Vengeance pour un mort
C’est un homme tout à fait ordinaire, ajouta-t-il dans l’espoir que la conversation prendrait un autre tour.
— À quoi ressemble-t-il ?
— Il a des cheveux et une barbe noires. Et ses yeux aussi sont noirs, me semble-t-il, mais c’est difficile à dire, les volets de sa chambre sont tout le temps fermés.
— Comme quelqu’un du Sud ?
— Peut-être bien. Mais sa peau n’est pas plus sombre que la tienne, et sa façon de parler ne nous apprend rien. Il ne parle pas beaucoup, il est trop malade pour ça. Dis, on nous ressert bientôt à manger ?
— Pas avant la fin de la danse, mais ça vaut le coup d’attendre. Il y a trois moutons rôtis, des volailles en sauce et aussi un chevreau. J’étais à la cuisine quand elles ont terminé de le préparer. Mais ne va pas dire que tu es au courant.
— Bien sûr que non. Allons voir si tout est prêt.
Abram Dayot se leva et déplia son grand corps dégingandé.
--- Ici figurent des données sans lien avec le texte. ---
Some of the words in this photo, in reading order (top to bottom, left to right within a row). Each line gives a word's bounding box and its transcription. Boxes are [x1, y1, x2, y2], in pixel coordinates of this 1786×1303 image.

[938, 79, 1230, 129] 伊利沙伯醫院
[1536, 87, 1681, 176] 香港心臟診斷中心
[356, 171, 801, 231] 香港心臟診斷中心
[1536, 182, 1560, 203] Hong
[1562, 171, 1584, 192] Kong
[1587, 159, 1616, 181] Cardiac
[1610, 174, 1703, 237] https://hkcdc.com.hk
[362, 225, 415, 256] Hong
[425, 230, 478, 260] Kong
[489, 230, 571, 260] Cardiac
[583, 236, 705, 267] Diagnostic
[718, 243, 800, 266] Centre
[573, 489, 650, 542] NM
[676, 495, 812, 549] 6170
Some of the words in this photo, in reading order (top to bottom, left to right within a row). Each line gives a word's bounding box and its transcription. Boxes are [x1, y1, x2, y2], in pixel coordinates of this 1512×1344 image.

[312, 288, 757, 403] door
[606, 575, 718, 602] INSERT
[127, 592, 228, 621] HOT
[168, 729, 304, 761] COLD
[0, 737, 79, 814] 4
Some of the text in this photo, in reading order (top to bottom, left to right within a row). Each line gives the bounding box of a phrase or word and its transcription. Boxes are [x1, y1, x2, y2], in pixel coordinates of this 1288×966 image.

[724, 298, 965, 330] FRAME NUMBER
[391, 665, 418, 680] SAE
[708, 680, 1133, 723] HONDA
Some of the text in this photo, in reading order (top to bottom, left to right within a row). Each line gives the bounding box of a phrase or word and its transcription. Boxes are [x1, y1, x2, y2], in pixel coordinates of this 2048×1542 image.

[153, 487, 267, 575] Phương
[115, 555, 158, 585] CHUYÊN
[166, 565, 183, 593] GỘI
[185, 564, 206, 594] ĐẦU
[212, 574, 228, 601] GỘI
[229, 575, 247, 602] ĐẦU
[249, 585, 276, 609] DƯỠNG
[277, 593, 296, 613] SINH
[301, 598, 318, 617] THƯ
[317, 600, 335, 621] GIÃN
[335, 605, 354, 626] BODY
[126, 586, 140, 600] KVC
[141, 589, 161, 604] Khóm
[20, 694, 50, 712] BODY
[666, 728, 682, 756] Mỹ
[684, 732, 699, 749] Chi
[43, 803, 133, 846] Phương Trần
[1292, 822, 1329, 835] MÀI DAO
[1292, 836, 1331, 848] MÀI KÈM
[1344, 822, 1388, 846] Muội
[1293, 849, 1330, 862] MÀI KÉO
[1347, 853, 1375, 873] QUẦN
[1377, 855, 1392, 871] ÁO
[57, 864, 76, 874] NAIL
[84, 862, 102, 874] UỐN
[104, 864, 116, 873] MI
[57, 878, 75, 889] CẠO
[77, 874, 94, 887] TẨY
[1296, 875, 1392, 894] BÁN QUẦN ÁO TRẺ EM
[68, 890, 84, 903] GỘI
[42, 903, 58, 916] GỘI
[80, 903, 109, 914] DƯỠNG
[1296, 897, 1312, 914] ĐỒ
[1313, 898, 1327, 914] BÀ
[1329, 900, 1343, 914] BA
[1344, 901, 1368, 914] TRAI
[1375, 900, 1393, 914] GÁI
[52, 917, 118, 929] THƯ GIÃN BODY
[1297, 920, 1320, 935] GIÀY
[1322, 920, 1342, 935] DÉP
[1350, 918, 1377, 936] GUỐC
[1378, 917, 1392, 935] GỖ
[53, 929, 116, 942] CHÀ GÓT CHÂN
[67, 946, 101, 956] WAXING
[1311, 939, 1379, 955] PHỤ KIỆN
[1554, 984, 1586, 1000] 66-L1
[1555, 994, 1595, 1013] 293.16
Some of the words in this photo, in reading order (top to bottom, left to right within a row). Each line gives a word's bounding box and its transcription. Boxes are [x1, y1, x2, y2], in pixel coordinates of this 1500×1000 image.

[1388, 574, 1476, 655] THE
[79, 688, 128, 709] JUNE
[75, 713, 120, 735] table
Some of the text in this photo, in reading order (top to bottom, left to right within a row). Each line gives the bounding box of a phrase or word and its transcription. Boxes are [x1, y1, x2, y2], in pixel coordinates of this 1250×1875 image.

Il trébucha et faillit renverser une cruche de vin que son voisin rattrapa de justesse.
— Cet été, je n’ai pas arrêté de grandir, dit-il comme pour s’excuser. Je ne me rends pas compte où sont mes pieds.
— J’aimerais bien être aussi grand que toi, fit Yusuf avant que les deux garçons ne prennent le chemin des cuisines.
Les cuisinières avaient fini de découper les moutons rôtis ; sur les tables, les plats de viandes braisées, rôties ou en ragoût se vidaient. Serviteurs et servantes passaient et repassaient, remplissant des pots de vin qu’ils déposaient sur les tables à côté de cruches d’eau et de boissons fraîches parfumées à la menthe, destinées à étancher la soif née du festin, des bavardages et des danses.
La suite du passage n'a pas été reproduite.